Government has an important role. It will never be replaced
by charities. My administration increases funding for major
social welfare and poverty programs by 8 percent. Yet,
government must also do more to take the side of charities and
community healers, and support their work. We've had enough of the
stale debate between big government and indifferent
government. Government must be active enough to fund
services for the poor -- and humble enough to let good people in local
communities provide those services.
So I have
created a White House Office of Faith-based and Community
Initiatives. (Applause.) Through that office we
are working to ensure that local community helpers and healers receive
more federal dollars, greater private support and face fewer
bureaucratic barriers. We have proposed a "compassion
capital fund," that will match private giving with federal
dollars. (Applause.)
We have
proposed allowing all taxpayers to deduct their charitable
contributions -- including
non-itemizers. (Applause.) This could encourage
almost $15 billion a year in new charitable giving.

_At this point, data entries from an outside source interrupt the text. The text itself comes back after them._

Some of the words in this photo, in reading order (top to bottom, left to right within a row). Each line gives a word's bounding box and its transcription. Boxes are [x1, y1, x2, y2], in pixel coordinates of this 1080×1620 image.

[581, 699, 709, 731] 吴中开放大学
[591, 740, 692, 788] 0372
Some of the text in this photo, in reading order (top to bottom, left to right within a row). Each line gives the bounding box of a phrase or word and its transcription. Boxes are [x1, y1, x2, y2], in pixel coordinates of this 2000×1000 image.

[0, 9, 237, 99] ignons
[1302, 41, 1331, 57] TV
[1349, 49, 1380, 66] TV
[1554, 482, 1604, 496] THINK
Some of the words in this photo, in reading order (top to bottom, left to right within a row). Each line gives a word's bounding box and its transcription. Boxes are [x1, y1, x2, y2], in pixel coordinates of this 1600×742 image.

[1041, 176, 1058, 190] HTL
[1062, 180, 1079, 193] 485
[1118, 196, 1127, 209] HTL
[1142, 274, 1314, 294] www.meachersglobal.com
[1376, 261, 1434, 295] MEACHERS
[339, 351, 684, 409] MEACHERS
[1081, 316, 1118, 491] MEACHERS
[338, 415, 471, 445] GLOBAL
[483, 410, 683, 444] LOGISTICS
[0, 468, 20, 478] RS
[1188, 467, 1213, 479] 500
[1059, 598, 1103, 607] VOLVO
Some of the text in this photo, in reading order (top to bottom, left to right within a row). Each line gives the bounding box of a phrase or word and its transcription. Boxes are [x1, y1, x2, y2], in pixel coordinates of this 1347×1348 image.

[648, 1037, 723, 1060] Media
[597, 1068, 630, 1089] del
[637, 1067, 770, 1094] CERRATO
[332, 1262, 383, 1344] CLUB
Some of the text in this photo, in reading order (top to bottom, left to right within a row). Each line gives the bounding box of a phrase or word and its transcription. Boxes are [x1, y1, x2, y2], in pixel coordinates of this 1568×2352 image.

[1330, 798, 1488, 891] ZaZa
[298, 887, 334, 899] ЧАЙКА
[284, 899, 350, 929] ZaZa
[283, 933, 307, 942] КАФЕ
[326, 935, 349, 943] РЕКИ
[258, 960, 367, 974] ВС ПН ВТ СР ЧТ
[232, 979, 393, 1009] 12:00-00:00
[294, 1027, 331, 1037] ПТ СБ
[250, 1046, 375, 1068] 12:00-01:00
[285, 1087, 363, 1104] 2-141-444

My
attitude is, everyone in America -- whether they are well-off or not --
should have the same incentive and reward for giving.
And we're in the process of implementing and
expanding "charitable choice" -- the principle, already established in
federal law, that faith-based organizations should not suffer
discrimination when they compete for contracts to provide social
services. (Applause.) Government should never
fund the teaching of faith, but it should support the good works of the
faithful. (Applause.)
Some critics
of this approach object to the idea of government funding going to any
group motivated by faith. But they should take a look around
them. Public money already goes to groups like the Center
for the Homeless and, on a larger scale, to Catholic
Charities. Do the critics really want to cut them
off? Medicaid and Medicare money currently goes to religious
hospitals. Should this practice be ended? Child
care vouchers for low income families are redeemed every day at houses
of worship across America. Should this be
prevented? Government loans send countless students to
religious colleges. Should that be banned? Of
course not. (Applause.)
America has
a long tradition of accommodating and encouraging religious
institutions when they pursue public goals. My
administration did not create that tradition -- but we will expand it
to confront some urgent problems.
Today, I am
adding two initiatives to our agenda, in the areas of housing and drug
treatment. Owning a home is a source of dignity for families
and stability for communities -- and organizations like Habitat for
Humanity make that dream possible for many low income Americans.
Groups of this type currently receive some funding from the Department
of Housing and Urban Development. The budget I submit to
Congress next year will propose a three-fold increase in this funding
-- which will expand homeownership, and the hope and pride that come
with it. (Applause.)
And nothing is
more likely to perpetuate poverty than a life enslaved to
drugs. So we've proposed $1.6 billion in new funds to close
what I call the treatment gap -- the gap between 5 million Americans
who need drug treatment, and the 2 million who currently receive
it. We will also propose that all these funds -- all of them
-- be opened to equal competition from faith-based and community
groups.
The federal government should do all
these things; but others have responsibilities, as well -- including
corporate America.
Many corporations in
America do good work, in good causes. But if we hope to
substantially reduce poverty and suffering in our country, corporate
America needs to give more -- and to give
better. (Applause.) Faith-based organizations receive only a
tiny percentage of overall corporate giving. Currently, six
of the 10 largest corporate givers in America explicitly rule out or
restrict donations to faith-based groups, regardless of their
effectiveness. The federal government will not discriminate
against faith-based organizations, and neither should corporate
America. (Applause.)
In the same
spirit, I hope America's foundations consider ways they may devote more
of their money to our nation's neighborhood and their helpers and their
healers. I will convene a summit this fall, asking corporate
and philanthropic leaders throughout America to join me at the White
House to discuss ways they can provide more support to community
organizations -- both secular and religious.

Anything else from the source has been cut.